If you know all the types beforehand, you can use traits to add a type_of method:

trait TypeInfo {
    fn type_of(&self) -> &'static str;
}

impl TypeInfo for i32 {
    fn type_of(&self) -> &'static str {
        "i32"
    }
}

impl TypeInfo for i64 {
    fn type_of(&self) -> &'static str {
        "i64"
    }
}

//...

No intrisics or nothin', so although more limited this is the only solution here that gets you a string and is stable. (see French Boiethios's answer) However, it's very laborious and doesn't account for type parameters, so we could...

trait TypeInfo {
    fn type_name() -> String;
    fn type_of(&self) -> String;
}

macro_rules! impl_type_info {
    ($($name:ident$(<$($T:ident),+>)*),*) => {
        $(impl_type_info_single!($name$(<$($T),*>)*);)*
    };
}

macro_rules! mut_if {
    ($name:ident = $value:expr, $($any:expr)+) => (let mut $name = $value;);
    ($name:ident = $value:expr,) => (let $name = $value;);
}

macro_rules! impl_type_info_single {
    ($name:ident$(<$($T:ident),+>)*) => {
        impl$(<$($T: TypeInfo),*>)* TypeInfo for $name$(<$($T),*>)* {
            fn type_name() -> String {
                mut_if!(res = String::from(stringify!($name)), $($($T)*)*);
                $(
                    res.push('<');
                    $(
                        res.push_str(&$T::type_name());
                        res.push(',');
                    )*
                    res.pop();
                    res.push('>');
                )*
                res
            }
            fn type_of(&self) -> String {
                $name$(::<$($T),*>)*::type_name()
            }
        }
    }
}

impl<'a, T: TypeInfo + ?Sized> TypeInfo for &'a T {
    fn type_name() -> String {
        let mut res = String::from("&");
        res.push_str(&T::type_name());
        res
    }
    fn type_of(&self) -> String {
        <&T>::type_name()
    }
}

impl<'a, T: TypeInfo + ?Sized> TypeInfo for &'a mut T {
    fn type_name() -> String {
        let mut res = String::from("&mut ");
        res.push_str(&T::type_name());
        res
    }
    fn type_of(&self) -> String {
        <&mut T>::type_name()
    }
}

macro_rules! type_of {
    ($x:expr) => { (&$x).type_of() };
}

Let's use it:

impl_type_info!(i32, i64, f32, f64, str, String, Vec<T>, Result<T,S>)

fn main() {
    println!("{}", type_of!(1));
    println!("{}", type_of!(&1));
    println!("{}", type_of!(&&1));
    println!("{}", type_of!(&mut 1));
    println!("{}", type_of!(&&mut 1));
    println!("{}", type_of!(&mut &1));
    println!("{}", type_of!(1.0));
    println!("{}", type_of!("abc"));
    println!("{}", type_of!(&"abc"));
    println!("{}", type_of!(String::from("abc")));
    println!("{}", type_of!(vec![1,2,3]));

    println!("{}", <Result<String,i64>>::type_name());
    println!("{}", <&i32>::type_name());
    println!("{}", <&str>::type_name());
}

output:

i32
&i32
&&i32
&mut i32
&&mut i32
&mut &i32
f64
&str
&&str
String
Vec<i32>
Result<String,i64>
&i32
&str

---

Rust Playground

Answer 6

There's a @ChrisMorgan answer to get approximate type ("float") in stable rust and there's a @ShubhamJain answer to get precise type ("f64") through unstable function in nightly rust.

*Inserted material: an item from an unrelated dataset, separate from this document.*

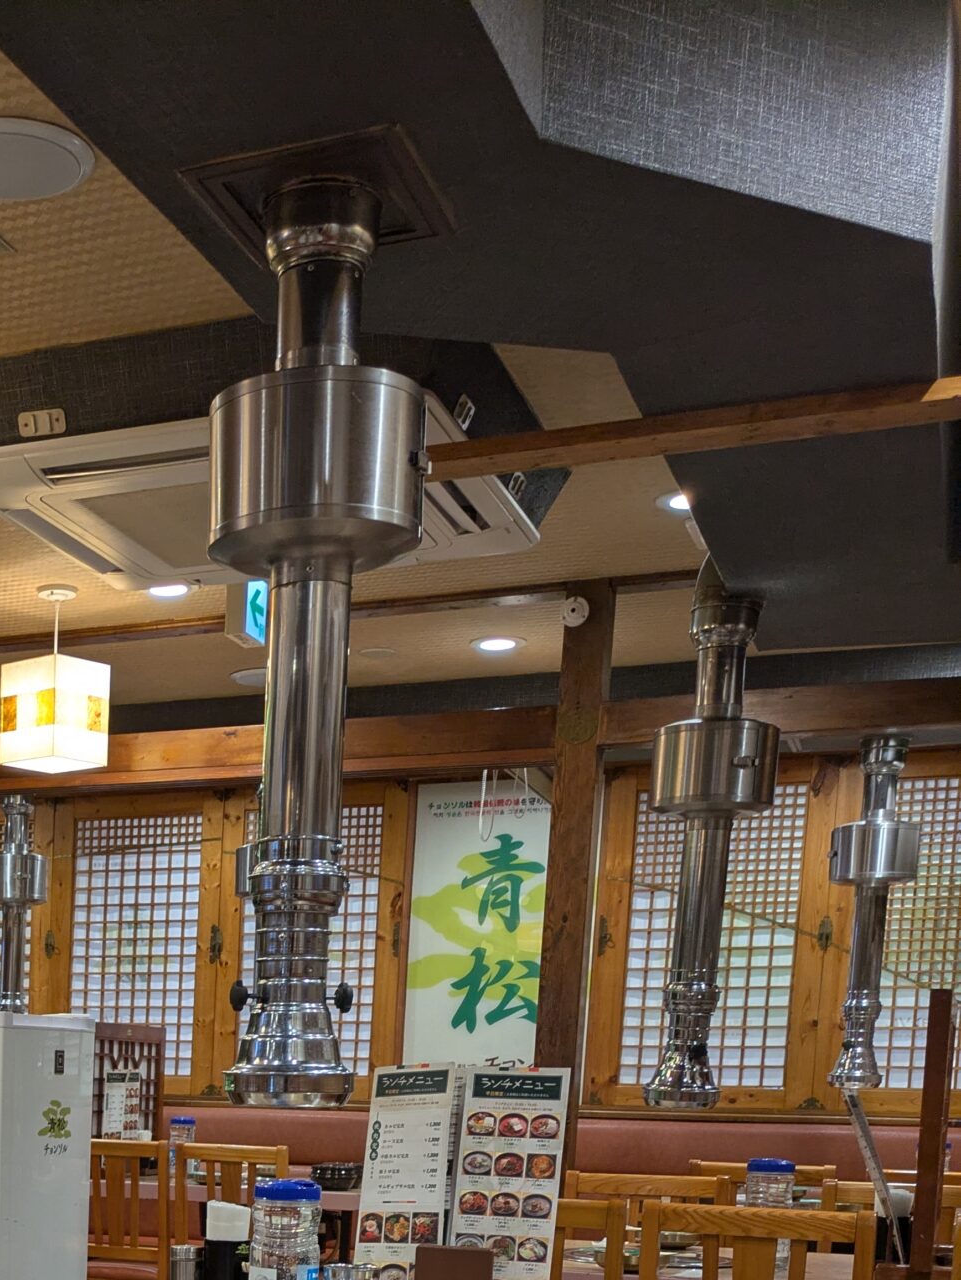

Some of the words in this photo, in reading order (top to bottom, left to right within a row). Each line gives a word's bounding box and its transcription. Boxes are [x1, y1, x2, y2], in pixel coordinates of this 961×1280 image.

[451, 834, 545, 1034] 青松
[382, 1075, 444, 1088] ランチメニュー
[481, 1077, 557, 1090] ランチメニュー

Now here's a way one can get precise type (ie decide between f32 and f64) in stable rust:

fn main() {
    let a = 5.;
    let _: () = unsafe { std::mem::transmute(a) };
}

results in

error[E0512]: cannot transmute between types of different sizes, or dependently-sized types
 --> main.rs:3:27
  |
3 |     let _: () = unsafe { std::mem::transmute(a) };
  |                           ^^^^^^^^^^^^^^^^^^^
  |
  = note: source type: `f64` (64 bits)
  = note: target type: `()` (0 bits)

Update

The turbofish variation

fn main() {
    let a = 5.;
    unsafe { std::mem::transmute::<_, ()>(a) }
}

is slightly shorter but somewhat less readable.